» What to work on
Reproduce, with no edits, the line that contains "this 2000×1333 image." and all the lines that follow it, ending with the last line of the records.
******************************
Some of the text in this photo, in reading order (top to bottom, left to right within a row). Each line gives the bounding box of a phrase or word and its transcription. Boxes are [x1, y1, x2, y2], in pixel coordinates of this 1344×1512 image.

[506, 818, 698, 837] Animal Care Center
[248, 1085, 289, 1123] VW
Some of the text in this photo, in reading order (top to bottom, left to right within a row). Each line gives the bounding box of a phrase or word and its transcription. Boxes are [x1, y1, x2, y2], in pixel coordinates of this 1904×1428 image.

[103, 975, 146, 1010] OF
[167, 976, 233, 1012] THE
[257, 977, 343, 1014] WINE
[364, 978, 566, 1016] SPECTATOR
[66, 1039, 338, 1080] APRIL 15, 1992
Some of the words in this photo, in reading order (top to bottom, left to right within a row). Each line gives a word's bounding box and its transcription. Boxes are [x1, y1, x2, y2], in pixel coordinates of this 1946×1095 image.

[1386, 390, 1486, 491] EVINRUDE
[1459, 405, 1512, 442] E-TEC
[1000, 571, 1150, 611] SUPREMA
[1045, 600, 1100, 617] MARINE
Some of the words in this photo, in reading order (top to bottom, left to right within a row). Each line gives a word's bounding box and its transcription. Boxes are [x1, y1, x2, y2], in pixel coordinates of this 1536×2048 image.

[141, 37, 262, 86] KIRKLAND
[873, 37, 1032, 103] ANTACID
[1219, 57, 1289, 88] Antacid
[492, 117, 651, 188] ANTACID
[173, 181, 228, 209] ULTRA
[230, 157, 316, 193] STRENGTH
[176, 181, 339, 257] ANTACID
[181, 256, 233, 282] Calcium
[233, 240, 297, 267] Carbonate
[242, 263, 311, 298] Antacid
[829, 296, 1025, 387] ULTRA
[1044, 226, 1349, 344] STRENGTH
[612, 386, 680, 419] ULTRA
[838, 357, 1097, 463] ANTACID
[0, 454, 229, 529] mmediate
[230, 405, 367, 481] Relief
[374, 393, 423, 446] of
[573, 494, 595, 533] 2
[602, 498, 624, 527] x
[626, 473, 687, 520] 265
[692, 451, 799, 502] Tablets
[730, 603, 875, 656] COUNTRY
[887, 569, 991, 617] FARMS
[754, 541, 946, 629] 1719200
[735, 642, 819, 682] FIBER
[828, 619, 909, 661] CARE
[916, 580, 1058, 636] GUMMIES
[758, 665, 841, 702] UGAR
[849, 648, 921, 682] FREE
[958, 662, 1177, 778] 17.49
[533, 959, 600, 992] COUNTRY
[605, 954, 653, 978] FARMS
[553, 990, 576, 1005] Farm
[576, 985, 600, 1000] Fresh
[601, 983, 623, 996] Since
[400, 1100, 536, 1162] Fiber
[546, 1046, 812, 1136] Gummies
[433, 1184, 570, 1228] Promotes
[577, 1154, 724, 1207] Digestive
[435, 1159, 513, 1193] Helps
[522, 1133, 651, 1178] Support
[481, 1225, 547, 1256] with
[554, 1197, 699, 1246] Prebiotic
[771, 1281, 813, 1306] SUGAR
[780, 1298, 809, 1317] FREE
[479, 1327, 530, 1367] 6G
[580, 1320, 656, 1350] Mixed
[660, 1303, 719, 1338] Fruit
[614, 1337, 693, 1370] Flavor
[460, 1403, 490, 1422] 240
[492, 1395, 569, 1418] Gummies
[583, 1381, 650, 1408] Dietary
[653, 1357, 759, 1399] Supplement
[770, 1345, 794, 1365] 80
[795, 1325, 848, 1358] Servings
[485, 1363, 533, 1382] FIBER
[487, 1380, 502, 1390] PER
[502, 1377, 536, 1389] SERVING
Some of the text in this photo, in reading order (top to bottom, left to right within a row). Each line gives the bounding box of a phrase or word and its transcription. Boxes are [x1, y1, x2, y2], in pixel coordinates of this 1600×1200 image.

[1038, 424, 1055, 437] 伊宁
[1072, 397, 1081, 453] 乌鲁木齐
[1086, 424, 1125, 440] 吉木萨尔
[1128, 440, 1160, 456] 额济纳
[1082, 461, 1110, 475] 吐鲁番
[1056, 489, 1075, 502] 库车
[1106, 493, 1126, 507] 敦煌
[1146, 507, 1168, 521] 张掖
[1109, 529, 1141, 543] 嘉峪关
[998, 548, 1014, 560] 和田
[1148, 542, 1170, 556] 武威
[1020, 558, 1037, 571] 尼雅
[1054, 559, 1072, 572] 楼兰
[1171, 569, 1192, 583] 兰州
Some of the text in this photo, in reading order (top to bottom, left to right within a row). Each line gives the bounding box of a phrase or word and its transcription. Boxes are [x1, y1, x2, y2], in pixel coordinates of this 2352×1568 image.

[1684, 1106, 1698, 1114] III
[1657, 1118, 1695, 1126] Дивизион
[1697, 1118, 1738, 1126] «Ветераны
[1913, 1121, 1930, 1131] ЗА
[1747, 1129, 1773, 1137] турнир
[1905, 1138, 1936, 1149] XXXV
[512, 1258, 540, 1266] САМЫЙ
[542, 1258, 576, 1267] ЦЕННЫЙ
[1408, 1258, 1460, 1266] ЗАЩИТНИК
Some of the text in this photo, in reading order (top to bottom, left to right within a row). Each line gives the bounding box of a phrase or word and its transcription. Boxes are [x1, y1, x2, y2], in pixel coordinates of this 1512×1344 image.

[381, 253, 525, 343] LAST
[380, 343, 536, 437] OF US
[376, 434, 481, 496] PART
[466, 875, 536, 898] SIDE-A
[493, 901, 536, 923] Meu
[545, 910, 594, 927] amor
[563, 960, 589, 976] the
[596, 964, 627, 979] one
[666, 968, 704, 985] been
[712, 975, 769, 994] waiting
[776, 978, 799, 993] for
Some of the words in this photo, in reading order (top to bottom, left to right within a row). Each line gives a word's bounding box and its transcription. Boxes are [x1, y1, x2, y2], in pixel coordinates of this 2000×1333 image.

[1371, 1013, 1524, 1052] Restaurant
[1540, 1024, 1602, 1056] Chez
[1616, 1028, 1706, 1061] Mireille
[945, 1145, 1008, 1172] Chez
******************************
» Exercise answer
Some of the words in this photo, in reading order (top to bottom, left to right within a row). Each line gives a word's bounding box and its transcription. Boxes are [x1, y1, x2, y2], in pixel coordinates of this 2000×1333 image.

[1371, 1013, 1524, 1052] Restaurant
[1540, 1024, 1602, 1056] Chez
[1616, 1028, 1706, 1061] Mireille
[945, 1145, 1008, 1172] Chez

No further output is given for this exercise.